Mathematical Expression Comparison: Identifying the Maximum Value Exercise

To solve this problem, let's evaluate each of the fraction addition expressions:

• Expression 1: $\frac{1}{2} + \frac{1}{4}$
  To add these fractions, we need a common denominator. The least common denominator of 2 and 4 is 4.
  Thus, $\frac{1}{2} = \frac{2}{4}$ and keep $\frac{1}{4}$ as it is.
  Adding the two fractions, $\frac{2}{4} + \frac{1}{4} = \frac{3}{4}$.
• Expression 2: $\frac{1}{3} + \frac{1}{3}$
  Since these have the same denominator, we can directly add them:
  $\frac{1}{3} + \frac{1}{3} = \frac{2}{3}$.
• Expression 3: $\frac{1}{2} + \frac{3}{10}$
  The least common denominator of 2 and 10 is 10.
  Convert $\frac{1}{2}$ to $\frac{5}{10}$ and add it to $\frac{3}{10}$:
  $\frac{5}{10} + \frac{3}{10} = \frac{8}{10} = \frac{4}{5}$.
• Expression 4: $\frac{5}{10} + \frac{1}{5}$
  Convert the fractions to have the same denominator. Here, the least common denominator is 10.
  Keep $\frac{5}{10}$ as it is, and convert $\frac{1}{5}$ to $\frac{2}{10}$:
  $\frac{5}{10} + \frac{2}{10} = \frac{7}{10}$.

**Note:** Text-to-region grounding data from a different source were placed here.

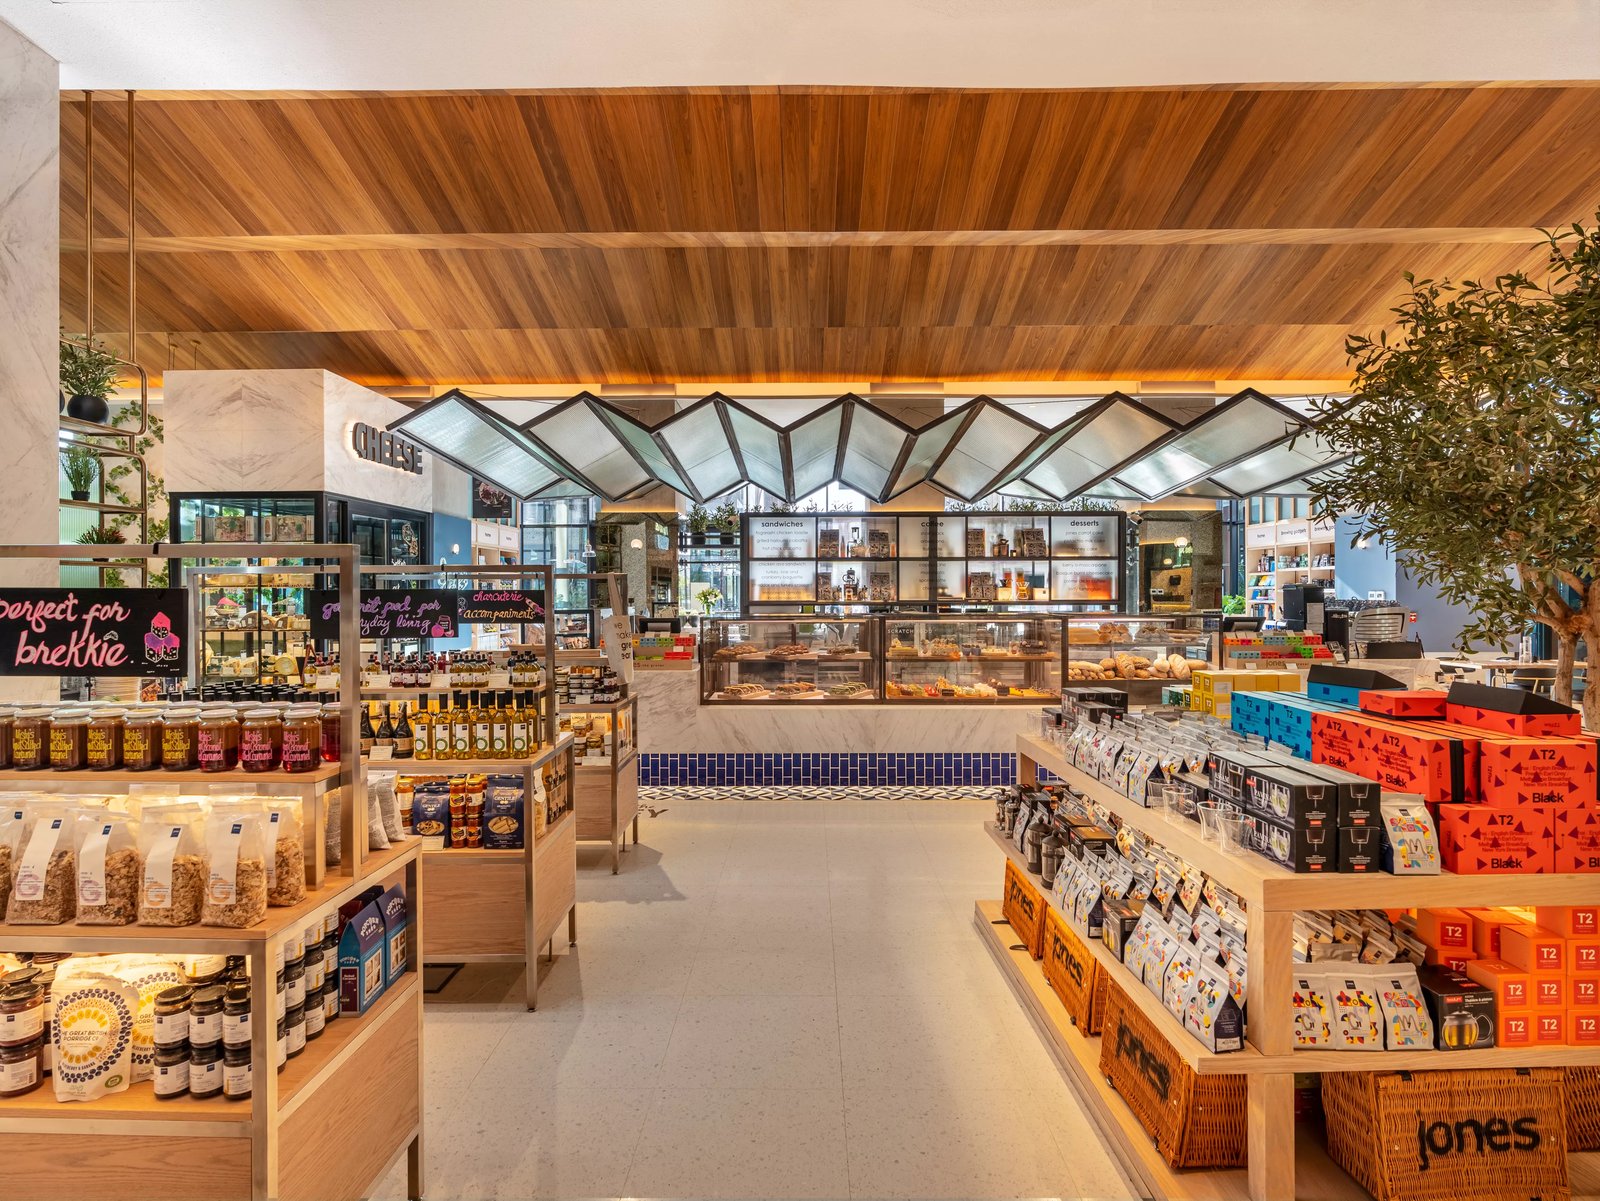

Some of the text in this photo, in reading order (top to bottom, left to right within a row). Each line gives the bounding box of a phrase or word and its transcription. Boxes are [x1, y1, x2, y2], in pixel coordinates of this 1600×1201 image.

[352, 421, 423, 475] CHEESE
[322, 596, 381, 620] gomet
[464, 608, 536, 622] accompaniments
[81, 601, 131, 644] for
[360, 614, 390, 636] ryday
[1286, 710, 1293, 718] T2
[1332, 721, 1341, 731] T2
[1390, 736, 1400, 747] T2
[1540, 750, 1555, 760] T2
[1329, 756, 1347, 768] Black
[1386, 774, 1407, 788] Black
[1532, 792, 1564, 803] Black
[1499, 815, 1513, 825] T2
[1491, 858, 1522, 868] Black
[1010, 877, 1034, 922] jones
[386, 898, 404, 915] POPCORN
[1577, 913, 1593, 924] T2
[360, 917, 379, 936] POPCORN
[1446, 926, 1462, 937] T2
[1052, 929, 1084, 988] jones
[1541, 948, 1557, 959] T2
[1580, 950, 1596, 960] T2
[1450, 960, 1466, 971] T2
[1508, 985, 1522, 995] T2
[1542, 984, 1557, 995] T2
[1578, 984, 1594, 994] T2
[1509, 1021, 1525, 1032] T2
[1542, 1019, 1557, 1030] T2
[1580, 1020, 1595, 1030] T2
[1115, 1008, 1171, 1102] jones
[1415, 1109, 1541, 1171] jones

Now, let's compare these results:
- $\frac{3}{4} = 0.75$
- $\frac{2}{3} = 0.666\ldots$
- $\frac{4}{5} = 0.8$
- $\frac{7}{10} = 0.7$

Comparing these decimals, we see that $0.8$ (from Expression 3) is the largest result.

Therefore, the expression with the highest result is $\frac{1}{2} + \frac{3}{10}$.